In particolare il broker avrebbe contattato a febbraio BlackRock, la gigantesca società di investimento Usa fondata da Larry Fink, per un investimento multimilionario nell’ETF DefenseIndustrials Active della società di gestione patrimoniale poco prima che gli Stati Uniti lanciassero l’azione militare contro Teheran. Un tentativo di investimento non andato a segno perché il fondo, lanciato nel maggio dello scorso anno, non era ancora disponibile per i clienti di Morgan Stanley. Il Financial Times nel suo articolo non specifica quanta “discrezionalità” avesse il broker nell’effettuare investimenti per conto di Hegseth, né se il broker avesse trovato un altro investimento legato alla difesa.

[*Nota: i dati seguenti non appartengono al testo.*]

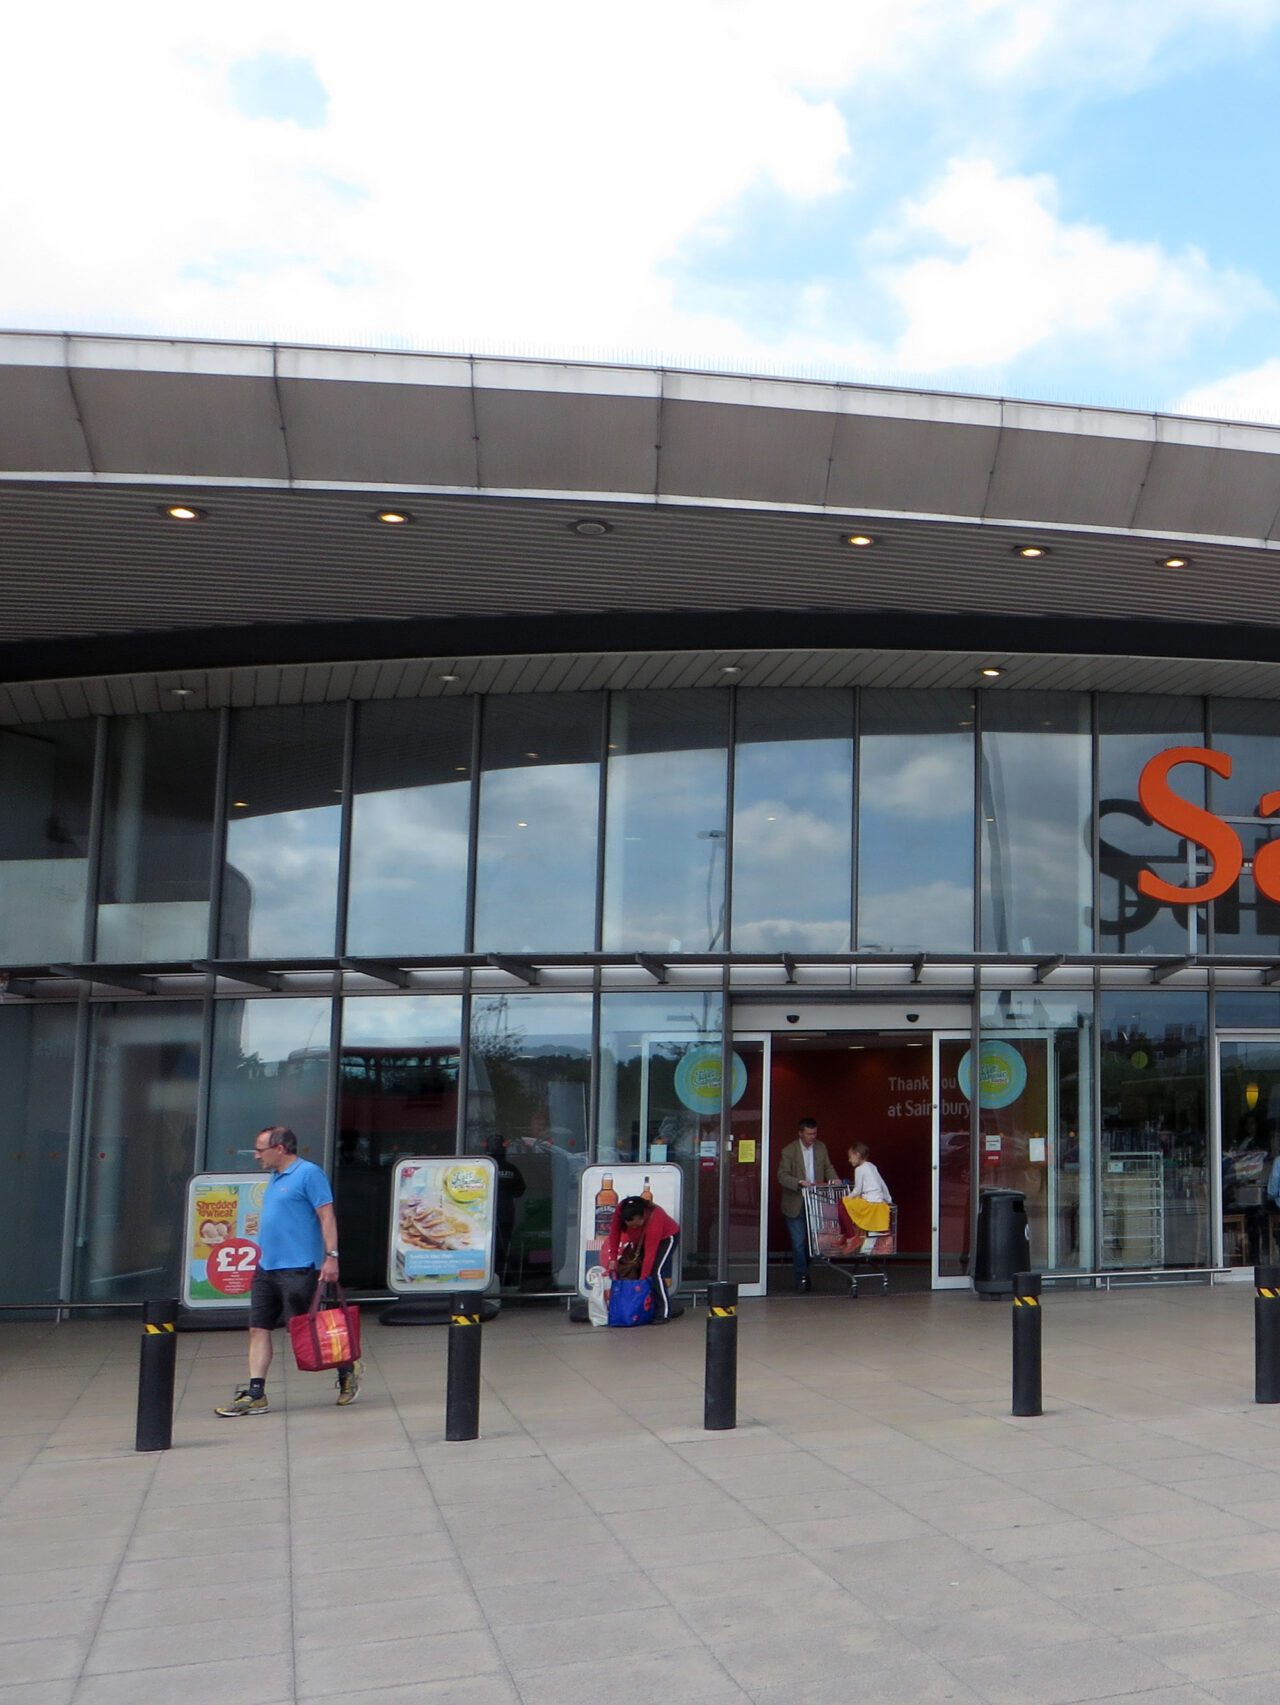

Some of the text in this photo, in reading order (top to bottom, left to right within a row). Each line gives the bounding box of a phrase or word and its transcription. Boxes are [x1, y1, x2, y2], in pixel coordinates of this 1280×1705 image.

[888, 1076, 929, 1091] Thank
[888, 1104, 902, 1117] at
[196, 1200, 237, 1211] Shredded
[216, 1247, 256, 1272] £2

FT Exclusive: A broker for the US defence secretary attempted to make a big investment in major defence companies in the weeks leading up to the US-Israeli attack on Iran, according to three people familiar with the matter. https://t.co/EO0HBlfd6b pic.twitter.com/ojLa9WeZNu
— Financial Times (@FT) March 31, 2026
Un articolo seccamente smentito dall’entourage del segretario alla Difesa. Il portavoce del Pentagono Sean Parnell ha sostenuto che quanto scritto sia falso e inventato, chiedendo una smentita al quotidiano britannico: “Né il segretario Hegseth né alcuno dei suoi rappresentanti si è rivolto a BlackRock in merito a un simile investimento. Si tratta dell’ennesima calunnia infondata e disonesta, concepita per ingannare il pubblico”.
Ma la notizia pubblicata dal FT fa il paio con quella emersa nei giorni scorsi dei 580 milioni di dollari in scommesse sul mercato del petrolio arrivati solamente 15 minuti prima del post sul social Truth in cui Donald Trump annunciava “colloqui in corso” con l’Iran per porre fine alla guerra, dichiarazione che fece rapidamente crollare i prezzi del greggio sui mercati internazionali.